Phenotyping faba bean for drought adaptation

Faba bean (Vicia faba) is a promising protein crop for a green transition of our food and food production systems in temperate climates. The crop produces protein rich pulses, with nitrogen derived from the atmosphere, offering the potential to make crop production systems less reliant on fossil energy input. One challenge of increasing faba bean cropping is, however, their drought sensitivity induced yield instability, which may be specifically harmful during the indeterminate flowering period.

A faba bean phenotyping experiment was established at University of Copenhagen, combining field experiments with rhizotube observations. Five commercial cultivars were grown in field plots. To create drought conditions, the plots were partly covered by rain gutters to remove precipitation during the flowering period. In dry seasons, the well-watered control was irrigated. Aboveground growth parameters were assessed, root architectural traits were determined by a shovelomics approach, and stomata imprints were analysed for stomata size and density using a convolution neural network approach.

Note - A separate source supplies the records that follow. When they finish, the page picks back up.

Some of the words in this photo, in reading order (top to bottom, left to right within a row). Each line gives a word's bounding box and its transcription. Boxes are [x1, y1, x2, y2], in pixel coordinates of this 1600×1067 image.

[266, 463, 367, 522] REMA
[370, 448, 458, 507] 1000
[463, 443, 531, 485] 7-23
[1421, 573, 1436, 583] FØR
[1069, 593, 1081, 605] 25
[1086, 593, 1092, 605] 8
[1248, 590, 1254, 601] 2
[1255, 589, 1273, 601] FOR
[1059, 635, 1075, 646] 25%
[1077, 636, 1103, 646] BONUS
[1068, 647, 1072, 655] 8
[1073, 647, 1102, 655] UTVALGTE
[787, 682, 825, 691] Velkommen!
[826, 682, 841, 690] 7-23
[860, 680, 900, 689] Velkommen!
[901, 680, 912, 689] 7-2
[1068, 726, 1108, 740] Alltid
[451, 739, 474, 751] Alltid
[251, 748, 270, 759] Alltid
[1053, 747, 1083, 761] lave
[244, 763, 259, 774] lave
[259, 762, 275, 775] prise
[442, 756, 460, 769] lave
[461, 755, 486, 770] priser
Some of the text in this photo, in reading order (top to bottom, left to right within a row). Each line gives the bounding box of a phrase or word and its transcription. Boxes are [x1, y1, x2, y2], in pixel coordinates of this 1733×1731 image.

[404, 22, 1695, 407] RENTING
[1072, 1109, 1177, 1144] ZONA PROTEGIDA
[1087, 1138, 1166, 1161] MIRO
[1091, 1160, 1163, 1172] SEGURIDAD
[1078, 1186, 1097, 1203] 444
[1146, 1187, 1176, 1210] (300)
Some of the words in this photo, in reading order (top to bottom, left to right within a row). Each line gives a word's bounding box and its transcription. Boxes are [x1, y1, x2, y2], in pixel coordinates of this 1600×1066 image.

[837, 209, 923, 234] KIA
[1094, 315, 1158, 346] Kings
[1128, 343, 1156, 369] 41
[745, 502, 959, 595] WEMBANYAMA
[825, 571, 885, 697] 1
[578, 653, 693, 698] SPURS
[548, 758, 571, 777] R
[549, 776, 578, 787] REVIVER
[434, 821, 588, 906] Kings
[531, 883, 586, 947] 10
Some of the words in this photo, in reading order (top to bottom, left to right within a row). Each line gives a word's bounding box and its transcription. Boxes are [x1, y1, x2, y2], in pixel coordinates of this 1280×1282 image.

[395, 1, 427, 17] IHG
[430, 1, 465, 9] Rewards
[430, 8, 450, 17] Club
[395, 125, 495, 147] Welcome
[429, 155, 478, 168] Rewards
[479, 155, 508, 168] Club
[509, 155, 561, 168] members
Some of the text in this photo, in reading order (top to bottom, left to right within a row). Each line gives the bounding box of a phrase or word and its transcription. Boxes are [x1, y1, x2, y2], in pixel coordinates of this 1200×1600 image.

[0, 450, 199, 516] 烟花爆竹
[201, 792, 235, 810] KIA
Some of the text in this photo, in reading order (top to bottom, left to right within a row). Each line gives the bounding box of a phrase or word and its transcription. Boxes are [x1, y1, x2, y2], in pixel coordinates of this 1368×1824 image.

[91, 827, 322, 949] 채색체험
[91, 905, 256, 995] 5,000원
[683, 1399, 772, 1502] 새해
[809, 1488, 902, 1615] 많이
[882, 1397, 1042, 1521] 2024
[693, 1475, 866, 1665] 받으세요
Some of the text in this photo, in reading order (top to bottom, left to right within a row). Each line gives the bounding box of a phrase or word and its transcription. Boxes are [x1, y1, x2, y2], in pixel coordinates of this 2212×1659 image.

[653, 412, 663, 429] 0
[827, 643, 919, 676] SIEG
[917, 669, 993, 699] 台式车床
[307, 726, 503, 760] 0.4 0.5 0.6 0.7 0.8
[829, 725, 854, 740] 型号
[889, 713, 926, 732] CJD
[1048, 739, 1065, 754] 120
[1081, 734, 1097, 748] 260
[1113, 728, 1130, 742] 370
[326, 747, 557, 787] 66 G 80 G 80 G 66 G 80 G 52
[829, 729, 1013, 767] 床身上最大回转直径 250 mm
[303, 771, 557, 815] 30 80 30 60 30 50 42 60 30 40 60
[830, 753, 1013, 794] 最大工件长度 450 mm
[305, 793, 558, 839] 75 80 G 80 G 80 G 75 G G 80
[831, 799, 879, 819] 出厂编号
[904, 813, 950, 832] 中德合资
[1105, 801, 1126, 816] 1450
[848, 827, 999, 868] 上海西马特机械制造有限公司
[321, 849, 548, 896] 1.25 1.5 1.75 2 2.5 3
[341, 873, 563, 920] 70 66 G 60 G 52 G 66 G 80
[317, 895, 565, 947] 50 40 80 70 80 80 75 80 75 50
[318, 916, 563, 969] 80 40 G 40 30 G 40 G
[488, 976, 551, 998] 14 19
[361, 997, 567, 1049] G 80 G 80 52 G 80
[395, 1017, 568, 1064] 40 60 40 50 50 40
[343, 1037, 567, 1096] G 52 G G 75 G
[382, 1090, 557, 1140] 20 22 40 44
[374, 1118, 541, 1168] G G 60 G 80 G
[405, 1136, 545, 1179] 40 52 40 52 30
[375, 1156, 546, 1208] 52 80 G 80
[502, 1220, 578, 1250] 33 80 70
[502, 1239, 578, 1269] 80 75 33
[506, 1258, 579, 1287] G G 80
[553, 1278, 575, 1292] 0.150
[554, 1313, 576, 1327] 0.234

In order to obtain information on root growth dynamics, plants were grown in 2m tall rhizotubes with a diameter of 15cm and with a transparent surface. Root images were acquired to follow root development over time. Soil water sensors were installed, to observe water content and how it was affected by the drought treatment.

 

Results from the first two seasons of this three-year project show successful establishment of drought conditions in the field trial using the rain-gutter approach. Yield and yield composition were affected by drought treatment and showed a mean reduction of 0.7-0.8 T ha^-1. Cultivars show varying responses to the drought stress, which was reflected on root and shoot parameters. Stomata density and size showed genotypic variation, and cultivar specific plastic adaptation to drought. Stomata density and size correlated strongly with root traits observed from the shovelomics approach, indicating that a deeper, more proliferated root system can support larger transpiration demand. These findings were further supported by the rhiztobue experiments, where maximum rooting depth and stomata cover are correlated.

 

The preliminary results of this study show interesting interactions between shoot and root phenotyping at different scales, and expands our understanding of the water budget of faba bean.